-- Excerpted data follows --

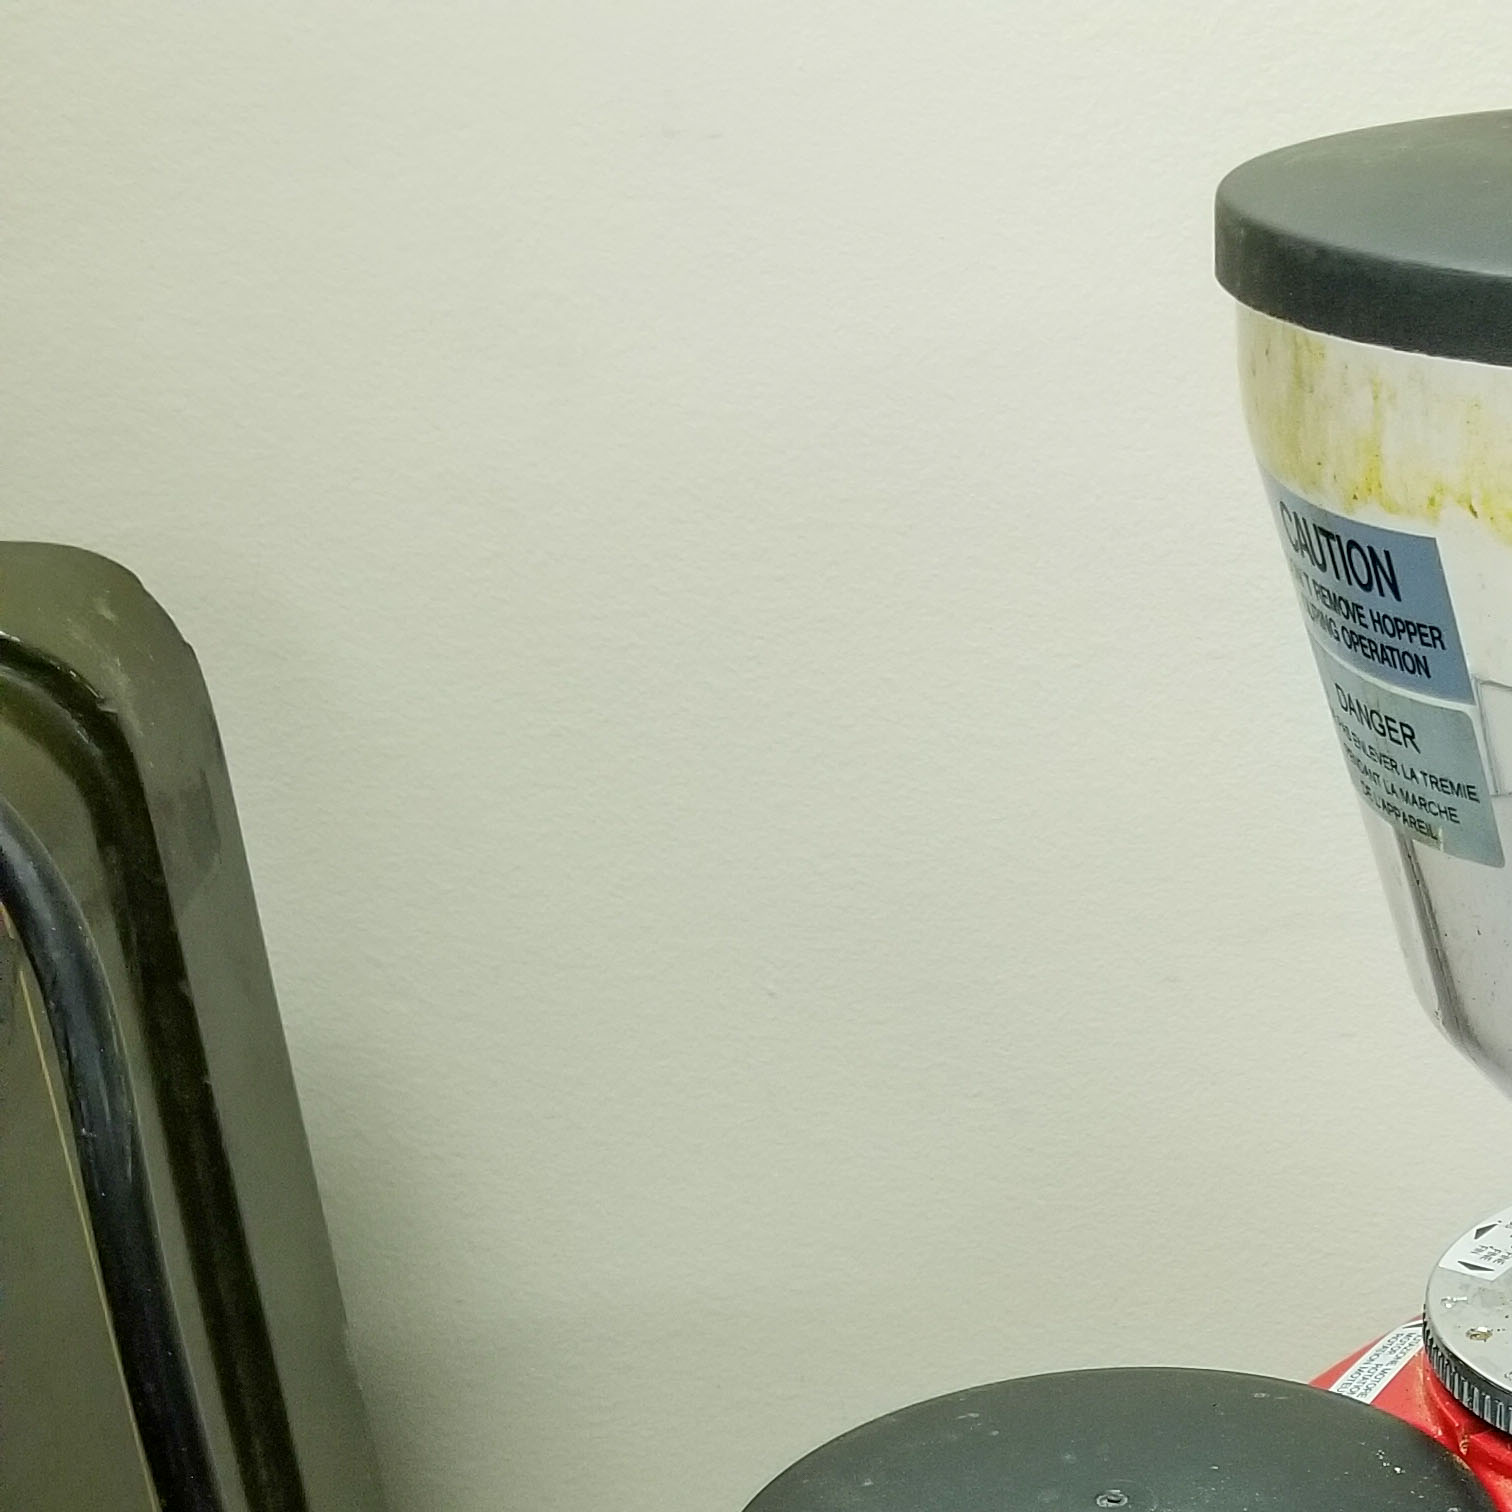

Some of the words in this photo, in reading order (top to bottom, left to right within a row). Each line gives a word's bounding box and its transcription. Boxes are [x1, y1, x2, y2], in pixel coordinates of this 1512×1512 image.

[1280, 501, 1401, 602] CAUTION
[1312, 579, 1368, 629] REMOVE
[1369, 609, 1446, 650] HOPPER
[1341, 626, 1431, 679] OPERATION
[1334, 682, 1421, 754] DANGER
[1383, 778, 1398, 798] LA
[1399, 788, 1461, 824] MARCHE
[1401, 764, 1419, 784] LA
[1420, 771, 1481, 803] TREMIE

-- Excerpted data concluded --

*What to work on:* Return every record exactly, minus the pictures.

*Result:*
Some of the words in this photo, in reading order (top to bottom, left to right within a row). Each line gives a word's bounding box and its transcription. Boxes are [x1, y1, x2, y2], in pixel coordinates of this 1512×1512 image.

[1280, 501, 1401, 602] CAUTION
[1312, 579, 1368, 629] REMOVE
[1369, 609, 1446, 650] HOPPER
[1341, 626, 1431, 679] OPERATION
[1334, 682, 1421, 754] DANGER
[1383, 778, 1398, 798] LA
[1399, 788, 1461, 824] MARCHE
[1401, 764, 1419, 784] LA
[1420, 771, 1481, 803] TREMIE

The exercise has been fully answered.